Immer wieder schreckte sie hoch, blieb still im Bett liegen und lauschte den Geräuschen, die das alte Haus mit den zahlreichen Zimmern von sich gab.
Manchmal hatte sie Stimmen und das Klirren von Gläsern gehört, sich aber nie getraut, nachzuschauen.
Auch in dieser Nacht war sie zweimal erwacht. Zuerst gegen ein Uhr, dann in den Morgenstunden um fünf. Da konnte sie nicht mehr schlafen, setzte sich an den kleinen Sekretär in ihrem Zimmer und las noch einmal den Brief.
Ihre Bekannte hatte ihr in aller Hast geschrieben. Hatte sie ihren Tod schon geahnt?
Die Horror-Oma war bereits angezogen, faltete den Brief zusammen und versteckte ihn unter der Matratze.
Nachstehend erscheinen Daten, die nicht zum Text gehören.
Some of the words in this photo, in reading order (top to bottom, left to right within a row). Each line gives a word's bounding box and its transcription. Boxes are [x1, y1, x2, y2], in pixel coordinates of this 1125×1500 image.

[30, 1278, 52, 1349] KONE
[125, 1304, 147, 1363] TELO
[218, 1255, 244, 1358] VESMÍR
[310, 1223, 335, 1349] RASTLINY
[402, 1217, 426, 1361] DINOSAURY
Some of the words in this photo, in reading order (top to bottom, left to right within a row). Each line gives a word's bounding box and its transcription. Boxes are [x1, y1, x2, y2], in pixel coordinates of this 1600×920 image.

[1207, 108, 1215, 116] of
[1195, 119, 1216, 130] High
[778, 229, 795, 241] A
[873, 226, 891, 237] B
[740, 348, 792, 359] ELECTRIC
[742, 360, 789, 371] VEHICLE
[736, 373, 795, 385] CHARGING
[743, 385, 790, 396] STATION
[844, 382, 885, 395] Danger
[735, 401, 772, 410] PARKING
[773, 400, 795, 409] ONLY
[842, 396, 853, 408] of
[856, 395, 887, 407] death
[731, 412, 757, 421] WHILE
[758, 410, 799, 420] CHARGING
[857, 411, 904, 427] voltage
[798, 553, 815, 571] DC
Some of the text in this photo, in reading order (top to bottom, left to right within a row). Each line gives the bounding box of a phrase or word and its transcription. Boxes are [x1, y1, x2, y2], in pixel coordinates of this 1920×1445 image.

Wenn er von Lady Clarence gefunden wurde, sah es böse aus. Dann würde sicherlich Serge zuschlagen, der Mann, der Lady Clarence ungemein ergeben war.
Vor ihm fürchtete sich Sarah Goldwyn. Er war ein düsterer Typ und trug nur seine grauen Anzüge, die ihn als Chauffeur auswiesen. Dabei hatte er regelrechte Mörderhände, die einem Menschen Angst einflößen konnten.
In Lady Sarahs Zimmer befand sich auch ein kleiner Kühlschrank. Sie öffnete ihn, holte eine Flasche mit Mineralwasser hervor und füllte ein Glas zur Hälfte. Während sie trank, ging sie zum Fenster und schaute nach draußen.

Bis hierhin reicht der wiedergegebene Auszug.